Dispõe sobre medidas tributárias aplicáveis às doações em espécie recebidas por instituições financeiras públicas controladas pela União e destinadas a ações de prevenção, monitoramento e combate ao desmatamento e de promoção da conservação e do uso sustentável das florestas brasileiras.

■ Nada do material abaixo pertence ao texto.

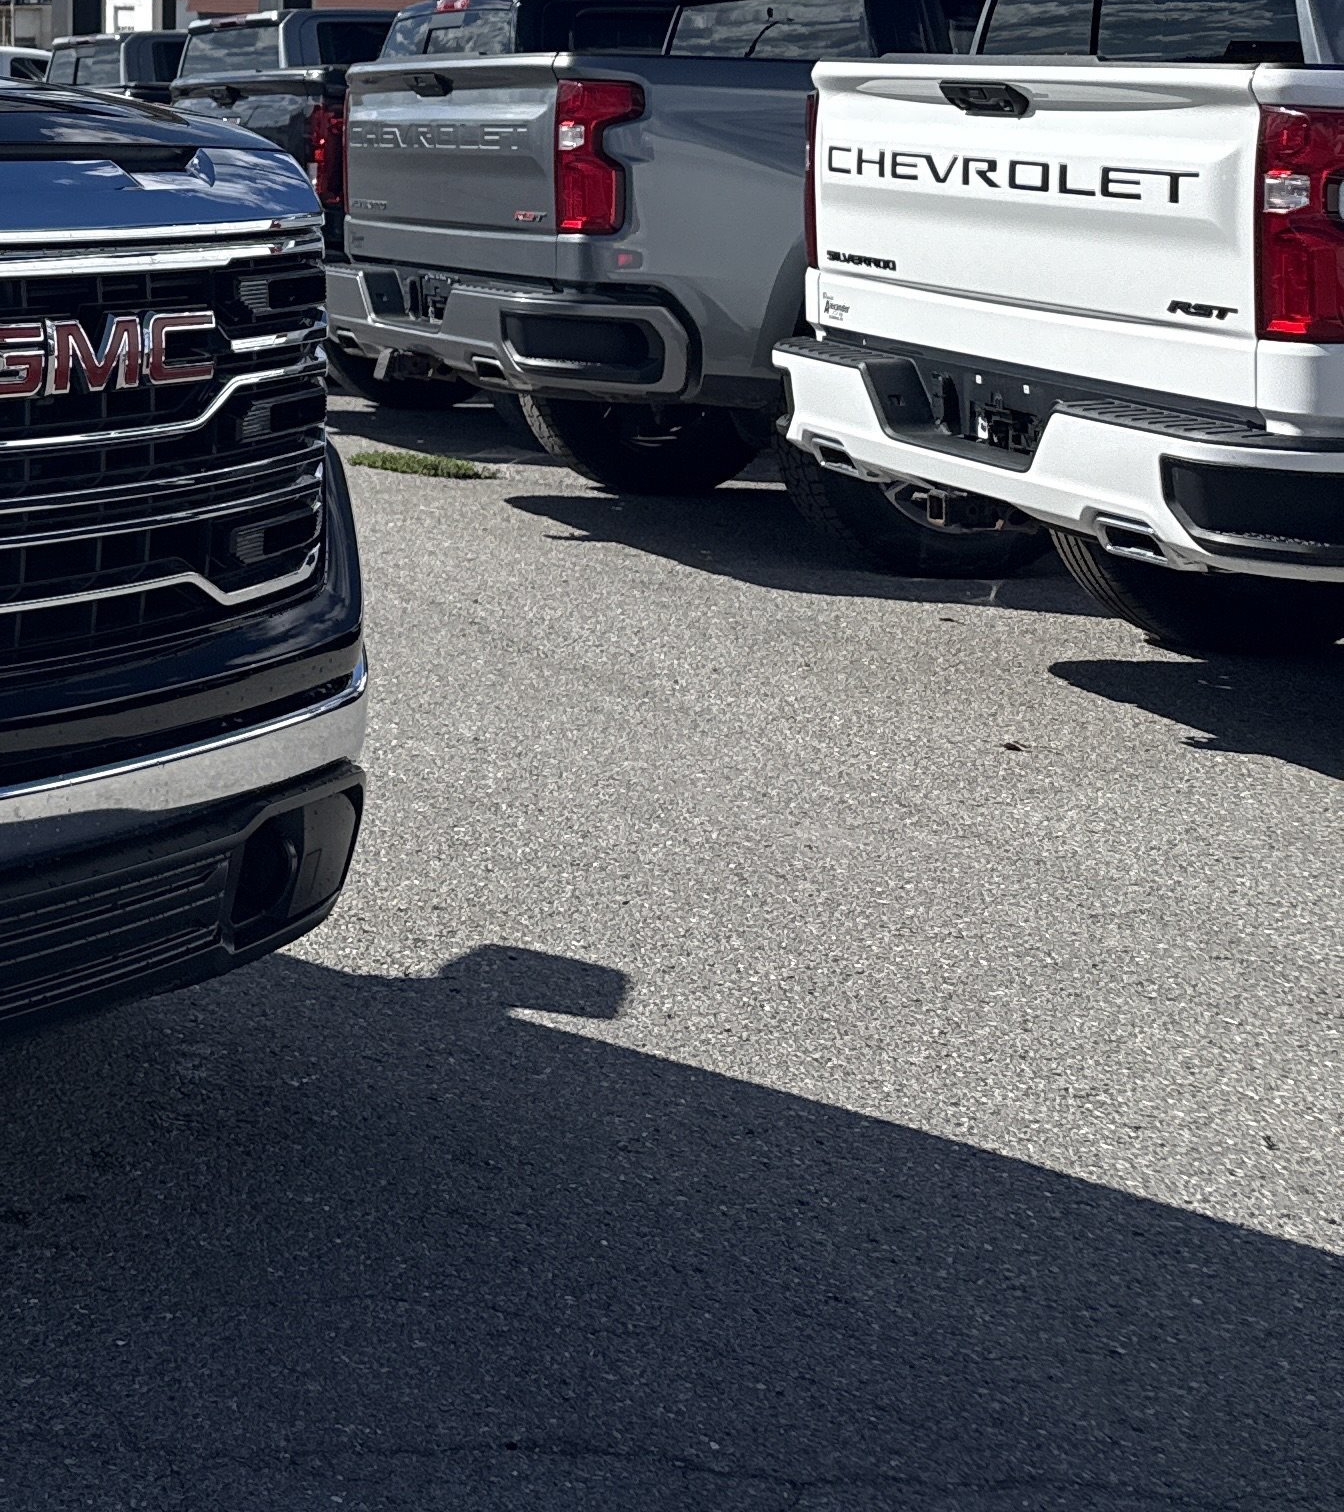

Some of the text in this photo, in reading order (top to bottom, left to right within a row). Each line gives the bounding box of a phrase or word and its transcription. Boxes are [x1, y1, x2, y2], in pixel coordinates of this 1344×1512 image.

[349, 123, 530, 151] CHEVROLET
[826, 145, 1201, 204] CHEVROLET
[1166, 299, 1239, 322] RST

O PRESIDENTE DA REPÚBLICA, no uso da atribuição que lhe confere a alínea “a” do inciso VI do art. 84, e tendo em vista o disposto no § 4o e no caput do art. 225, ambos da Constituição, e na Medida Provisória no 438, de 1o de agosto de 2008,

DECRETA:

Art. 1o

Fica suspensa a incidência da Contribuição para o PIS/PASEP e da Contribuição para o Financiamento da Seguridade Social - COFINS sobre as doações em espécie recebidas por instituições financeiras públicas controladas pela União e destinadas a ações de prevenção, monitoramento e combate ao desmatamento e de promoção da conservação e do uso sustentável das florestas brasileiras.

§ 1o Para efeito do disposto no caput, a destinação das doações deve ser efetivada no prazo máximo de dois anos contados do mês seguinte ao de recebimento da doação.

§ 2o As doações de que trata o caput também poderão ser destinadas ao desenvolvimento de ações de prevenção, monitoramento e combate ao desmatamento e de promoção da conservação e do uso sustentável de outros biomas brasileiros e em outros países tropicais.

§ 3o As aplicações das doações referidas no caput deverão atender a pelo menos uma das seguintes linhas de ação:

I - gestão de florestas públicas e áreas protegidas;

II - controle, monitoramento e fiscalização ambiental;

III - manejo florestal sustentável;

IV - atividades econômicas desenvolvidas a partir do uso sustentável da floresta;

V - zoneamento ecológico desenvolvido a partir do uso sustentável da floresta;

VI - conservação e uso sustentável da biodiversidade; ou

VII - recuperação de áreas desmatadas.

§ 4o As despesas vinculadas às doações de que trata o caput não poderão ser deduzidas da base de cálculo da Contribuição para o PIS/PASEP e da COFINS.

Art. 2o

Para efeito do disposto no art. 1o, a instituição financeira pública controlada pela União deverá:

I - manter registro que identifique o doador; e

II - segregar contabilmente, em contas específicas, os elementos que compõem as entradas de recursos, bem como os custos e as despesas relacionados ao...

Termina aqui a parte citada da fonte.